Склонить их на вооруженное выступление против русской революции было делом не простым. У чехов еще жило отношение к России как будущей освободительнице чешского народа от австрийской имперской власти. Чешские крестьяне, откармливая гусей к рождеству, по старой традиции говорили: "Еднего гуса для руса". Чешские дивизии, уходя с боями от наступающих на Украину немцев, готовились к переброске во Францию, чтобы на фронте демонстрировать перед всем миром за свободу Чехии, за участие ее в победе над австро-германцами.

Навстречу чешским эшелонам, направлявшимся во Владивосток, двигались военнопленные немцы и особенно ненавистные венгры. На остановках, где сталкивались два встречных потока, бушевали страсти. Белогвардейские агенты нашептывали чехам о коварных замыслах большевиков, о их намерении будто бы разоружить и выдать немцам чешские эшелоны.
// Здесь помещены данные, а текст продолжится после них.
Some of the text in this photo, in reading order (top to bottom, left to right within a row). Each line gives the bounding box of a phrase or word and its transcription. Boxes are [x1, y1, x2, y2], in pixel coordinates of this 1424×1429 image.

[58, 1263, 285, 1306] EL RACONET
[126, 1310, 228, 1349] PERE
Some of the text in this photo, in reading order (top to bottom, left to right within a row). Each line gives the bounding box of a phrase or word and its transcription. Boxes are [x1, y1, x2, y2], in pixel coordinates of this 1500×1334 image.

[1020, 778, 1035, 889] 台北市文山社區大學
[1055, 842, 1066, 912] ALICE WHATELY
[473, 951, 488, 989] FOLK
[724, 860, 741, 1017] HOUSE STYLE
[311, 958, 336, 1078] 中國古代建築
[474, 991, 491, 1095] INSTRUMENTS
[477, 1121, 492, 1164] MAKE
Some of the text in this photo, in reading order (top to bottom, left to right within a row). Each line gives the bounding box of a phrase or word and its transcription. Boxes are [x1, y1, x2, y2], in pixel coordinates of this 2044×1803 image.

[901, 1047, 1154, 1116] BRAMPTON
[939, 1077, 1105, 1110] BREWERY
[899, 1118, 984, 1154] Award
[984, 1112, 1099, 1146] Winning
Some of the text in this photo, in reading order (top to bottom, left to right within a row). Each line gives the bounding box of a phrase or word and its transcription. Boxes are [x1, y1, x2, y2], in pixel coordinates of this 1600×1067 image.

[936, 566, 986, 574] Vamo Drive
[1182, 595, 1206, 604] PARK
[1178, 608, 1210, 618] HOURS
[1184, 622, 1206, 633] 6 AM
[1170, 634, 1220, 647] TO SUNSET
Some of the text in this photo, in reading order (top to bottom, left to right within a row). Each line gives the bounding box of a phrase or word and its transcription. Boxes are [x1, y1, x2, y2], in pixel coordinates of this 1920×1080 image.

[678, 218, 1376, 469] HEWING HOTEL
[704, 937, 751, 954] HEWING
Четырнадцатого мая на станции Челябинск произошла серьезная драка между чехами и венграми. Челябинский совдеп арестовал несколько особенно задиравшихся чехов. Весь эшелон схватился за оружие. У совдепа, как и повсюду по линии, были одни лишь кое-как вооруженные красноармейцы, - пришлось уступить. Весть о челябинском инциденте полетела по всем эшелонам. И взрыв произошел, когда в ответ на эти события был издан предательский и провокационный приказ председателя Высшего военного совета республики:

"Все совдепы обязаны под страхом ответственности разоружить чехословаков: каждый чехословак, найденный вооруженным на железнодорожной линии, должен быть расстрелян на месте, каждый эшелон, в котором окажется хотя бы один вооруженный солдат, должен быть выгружен из вагонов и заключен в лагерь для военнопленных".

Так как у чехов была превосходная дисциплина, спаянность и боевой опыт, в изобилии пулеметы и пушки, а у совдепов плохо вооруженные отряды Красной гвардии, без опытного командования, - то не совдепы, а чехи разоружили совдепы и стали хозяевами по всей линии от Пензы до Омска.

Бунт начался в Пензе, где совдеп выслал навстречу четырнадцати тысячам чехов пятьсот красногвардейцев. Они повели наступление на железнодорожную станцию и были почти все перебиты. Чехи вывезли из Пензы печатный станок Экспедиции заготовления государственных бумаг, в большом бою разбили красных под Безенчуком и Липягами и заняли Самару.

Так образовался новый фронт гражданской войны, быстро" охвативший огромное пространство Волги, Урала и Сибири.